« Je m'appelle Mégane, j'ai 13 ans et je suis une adolescente parmi tant d'autres,
entourée de copains et de copines.
Pour eux, je suis Mégane,
ma différence fait ma force.
Ils me connaissent depuis des années,
alors ils aiment mes différences
sans se poser de questions.
Quand je suis en forme et que je passe la journée
ou la soirée avec eux, si je suis fatiguée,
ils me portent à tour de rôle.
L'avantage, c'est que je vais dans les bras de tous les beaux mecs.
Ah ! j'oubliais un "détail",
je suis atteinte de progéria,
je mesure 1m24 et je pèse 18 kg, je n'ai pas de cheveux.

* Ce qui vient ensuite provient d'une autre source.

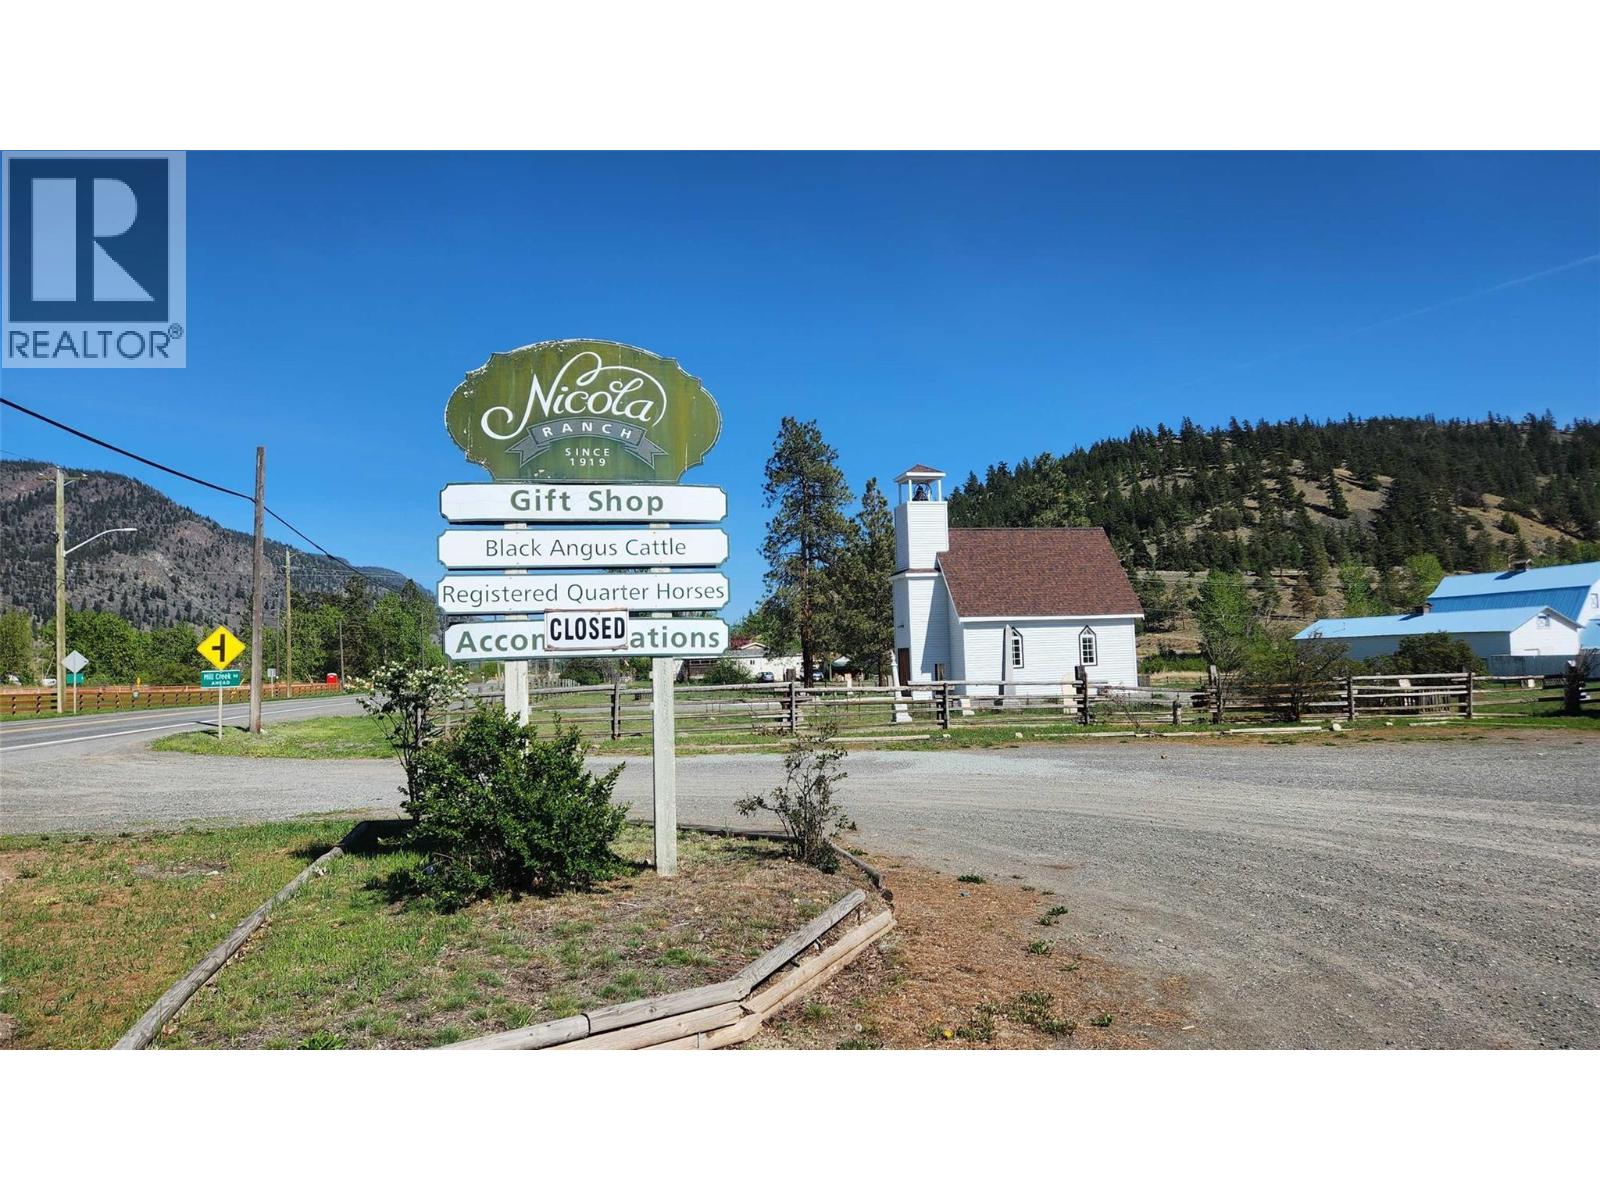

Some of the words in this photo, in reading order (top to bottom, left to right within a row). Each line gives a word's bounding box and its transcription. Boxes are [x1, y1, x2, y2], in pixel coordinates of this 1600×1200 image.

[481, 351, 667, 440] Nicola
[542, 422, 632, 439] RANCH
[565, 448, 610, 457] SINCE
[570, 458, 606, 467] 1919
[510, 489, 571, 512] Gift
[588, 489, 664, 515] Shop
[485, 538, 542, 557] Black
[550, 540, 618, 560] Angus
[625, 537, 687, 556] Cattle
[442, 584, 558, 607] Registered
[567, 584, 649, 604] Quarter
[657, 582, 725, 600] Horses
[455, 626, 720, 653] Accoations
[550, 617, 625, 641] CLOSED
[215, 672, 231, 680] Creek
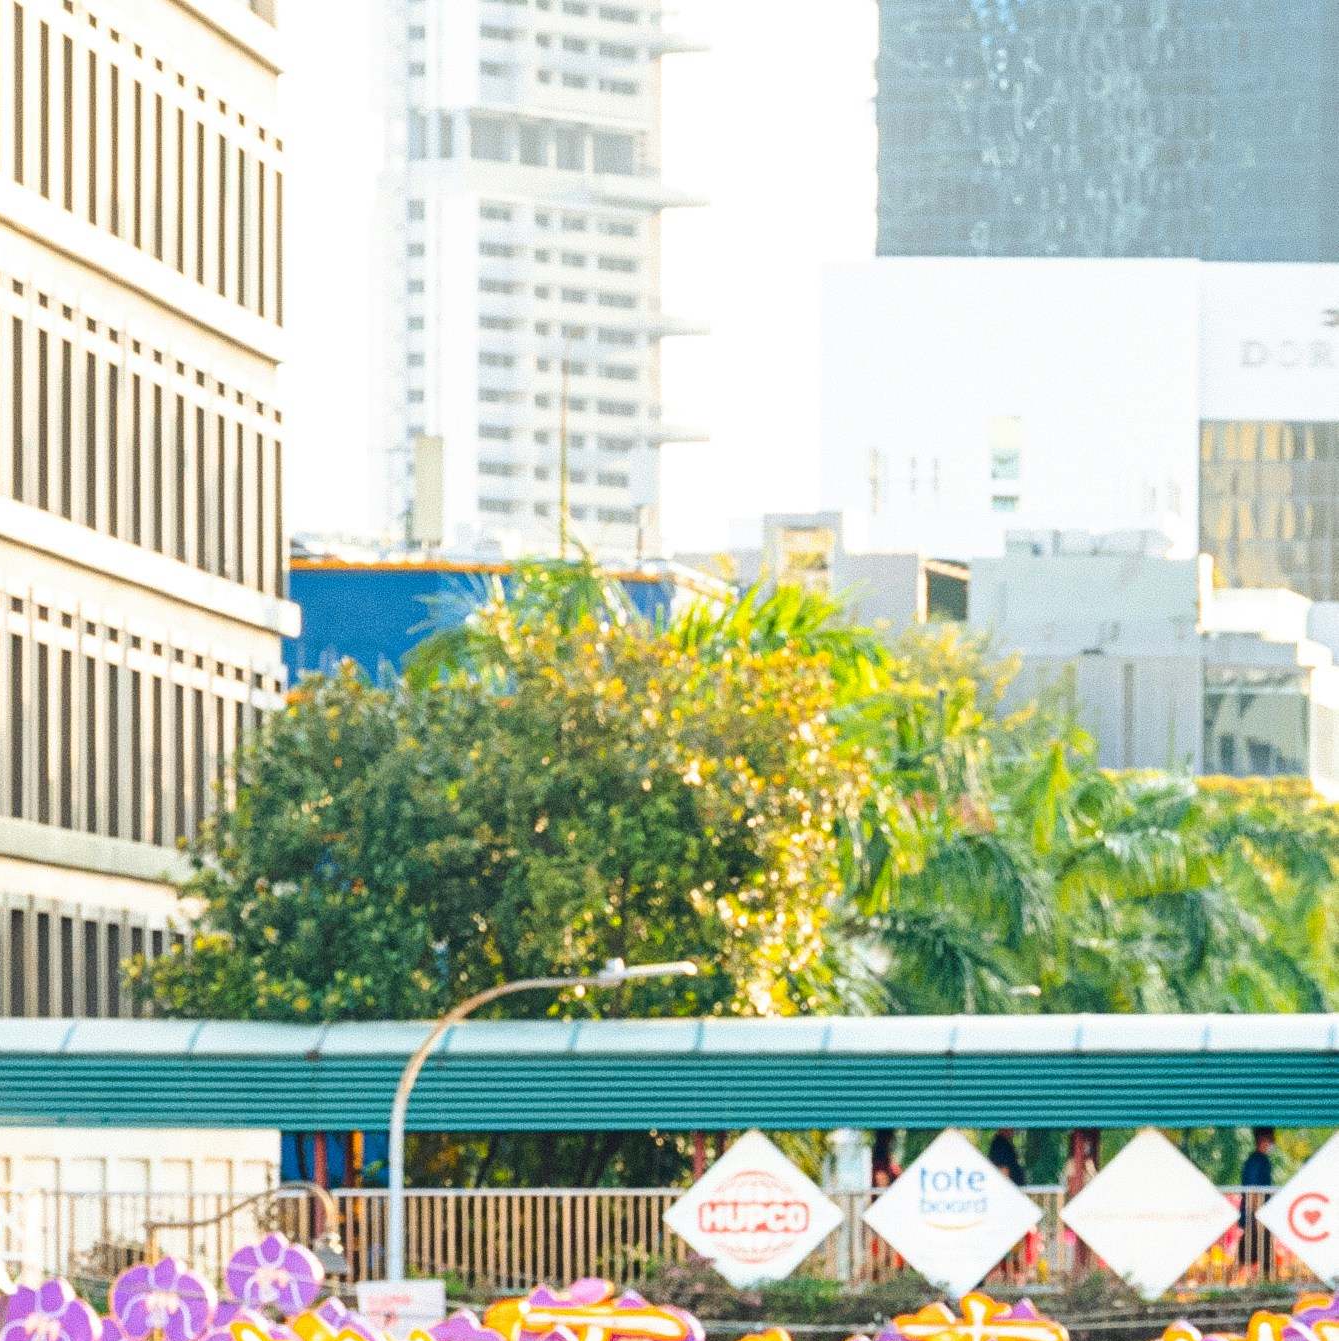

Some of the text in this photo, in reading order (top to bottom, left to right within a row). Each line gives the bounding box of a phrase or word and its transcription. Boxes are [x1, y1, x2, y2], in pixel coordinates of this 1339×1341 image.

[919, 1167, 987, 1193] tote
[700, 1203, 809, 1233] HUPCO
[919, 1199, 989, 1215] board
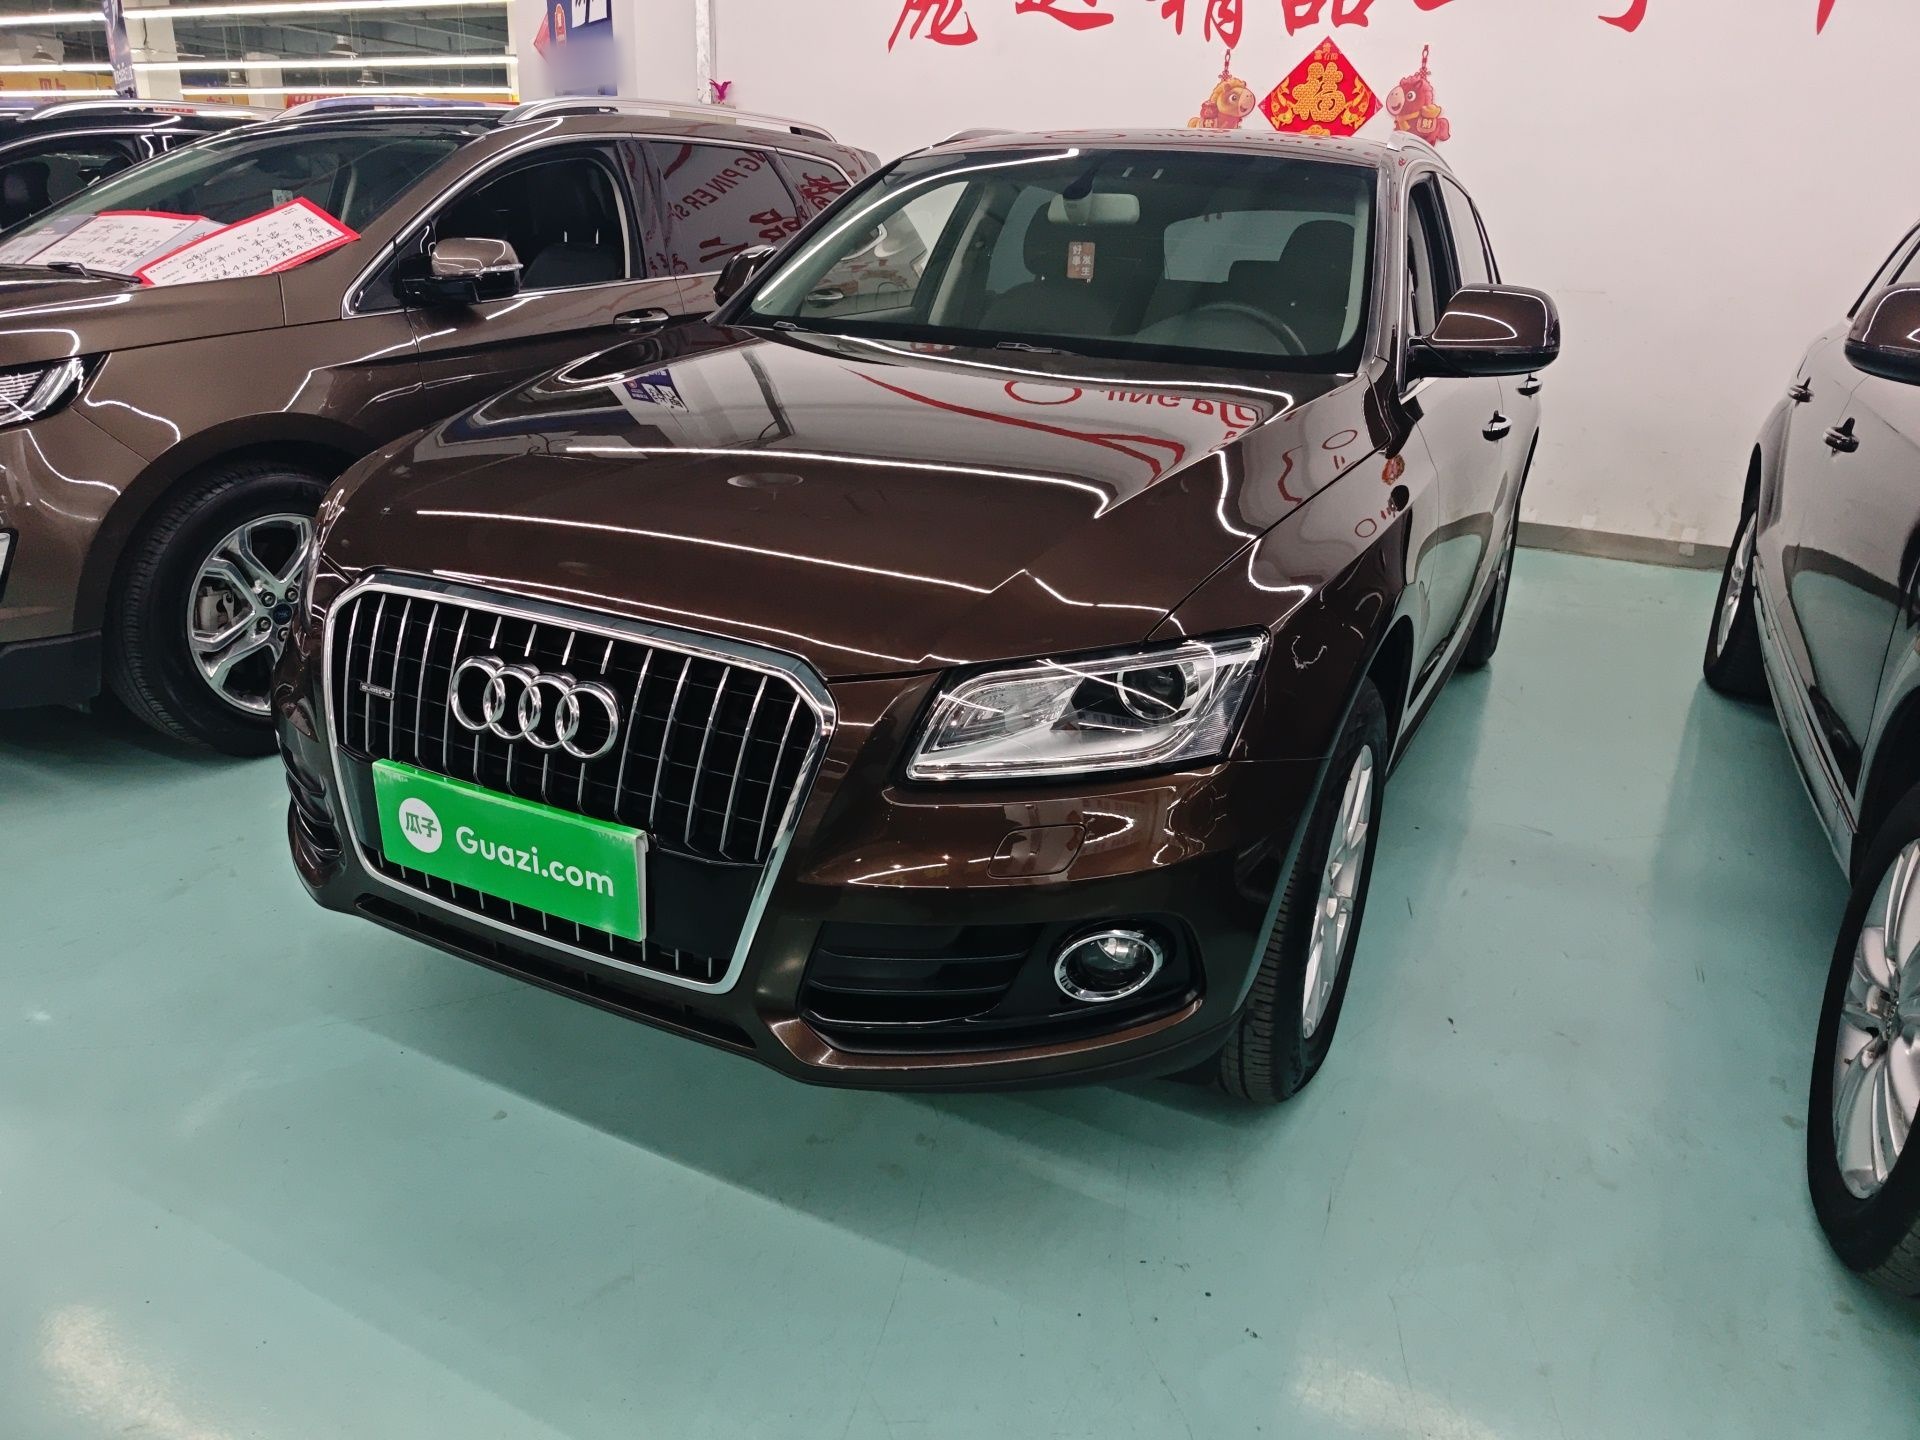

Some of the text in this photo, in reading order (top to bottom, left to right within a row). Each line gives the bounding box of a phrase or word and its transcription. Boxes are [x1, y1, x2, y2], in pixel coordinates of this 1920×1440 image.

[1291, 61, 1345, 123] 福
[361, 684, 392, 698] quattro
[405, 811, 437, 838] 瓜子
[456, 826, 614, 897] Guazi.com
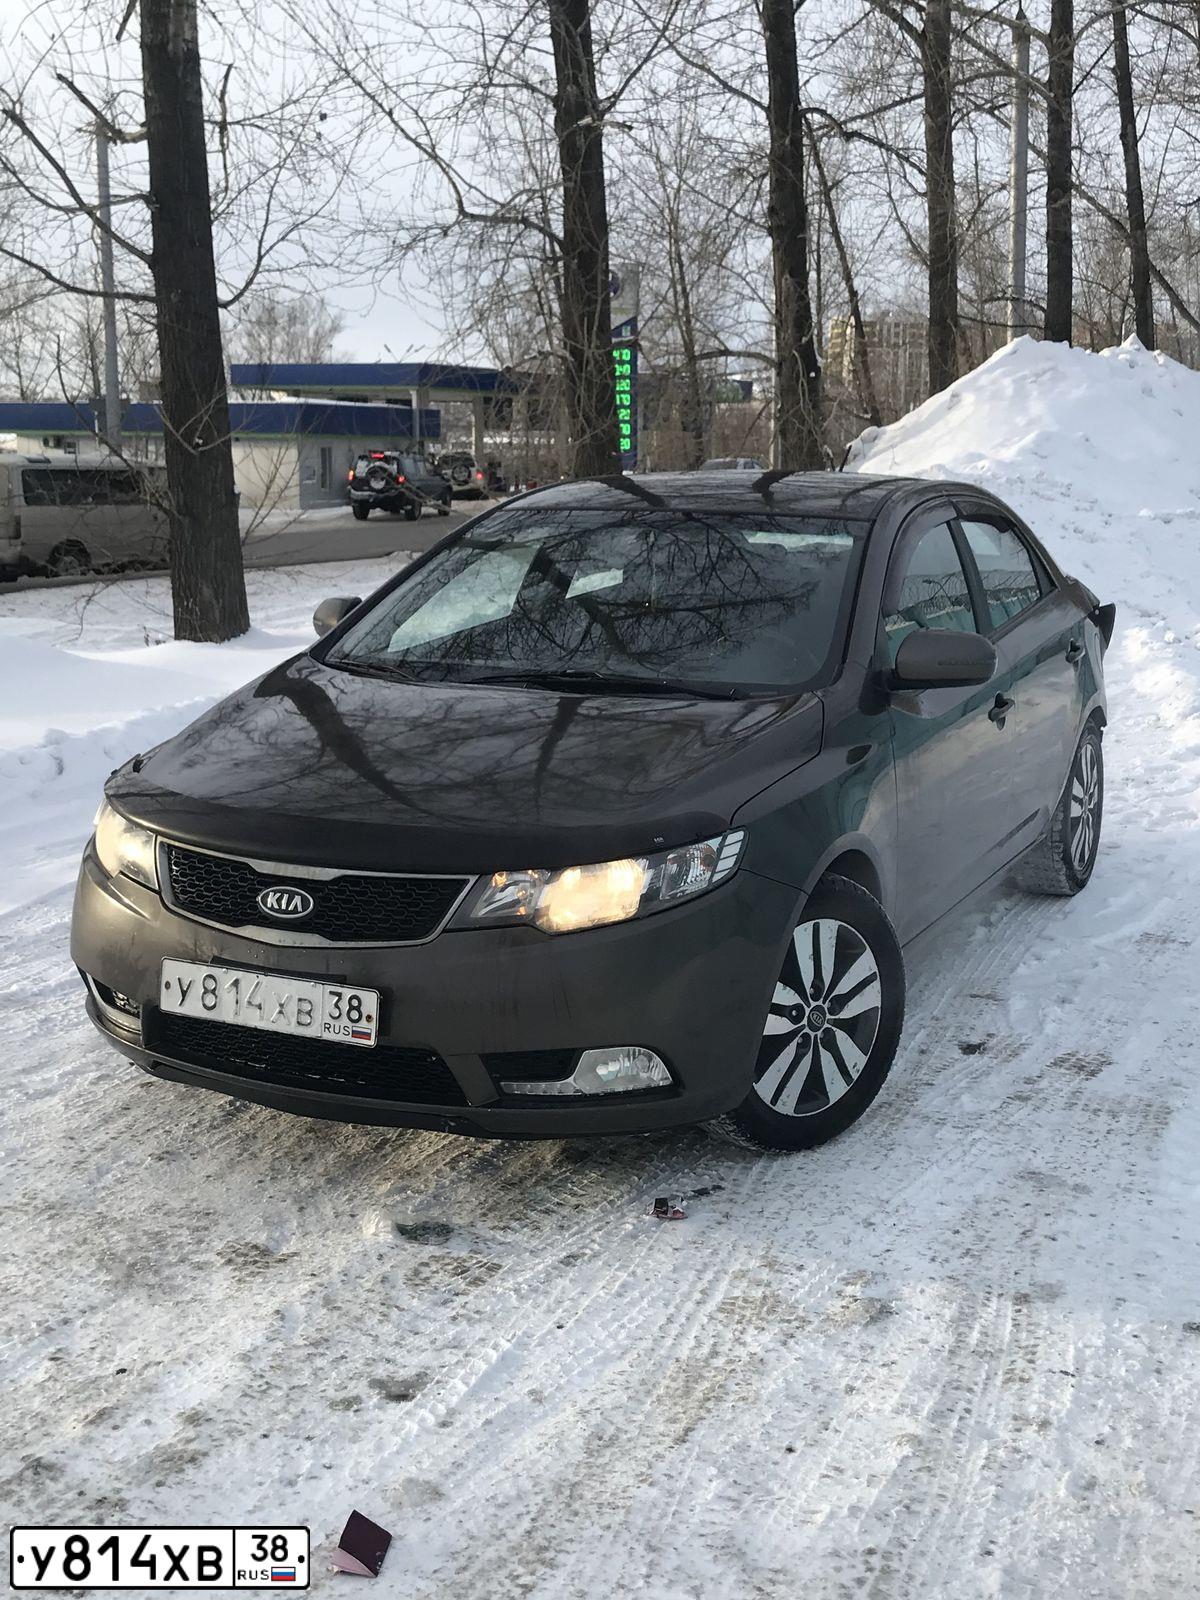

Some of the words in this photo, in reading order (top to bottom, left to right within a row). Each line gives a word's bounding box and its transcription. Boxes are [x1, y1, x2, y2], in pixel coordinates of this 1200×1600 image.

Ma maladie, considérée comme rare
et exceptionnelle,
fait que mes cellules vieillissent très très vite
et lorsqu'elles se renouvellent, elles sont déjà abîmées.
Et il a fallu que ça tombe sur moi !!!
Heureusement, j'ai eu la chance d'avoir la maman
la plus formidable du monde,
elle m'a aidée sans rien me cacher,
à vivre heureuse.
Les périodes les plus dures,
c'est quand j'ai dû d'accepter mon physique
- bien que tout le monde m'ait dit que j'avais des yeux fabuleux -
et surtout de ne pas connaître la puberté.
Le grand malheur, c'est que je n'aurai jamais de seins.
Nous sommes une trentaine dans le monde
et pas plus, car nous mourrons très jeune.
J'ai perdu plein d'amis du monde entier,
ils sont dans un coin de ma tête et un jour j'irai tous les retrouver.
Non, je n'ai peur de rien,
la mort ne m'effraie pas,
la seule chose qui m'inquiète
c'est de laisser maman toute seule.
Il faudra qu'elle soit forte, sinon je deviendrai son pire cauchemar.
De toute façon, nous ne nous quitterons jamais,
nous sommes liées et je serai toujours là.
La seule différence, c'est qu'elle ne pourra pas me voir.
Non je n'ai pas peur, ma vie va être courte,
mais elle est belle et je l'aime telle qu'elle est.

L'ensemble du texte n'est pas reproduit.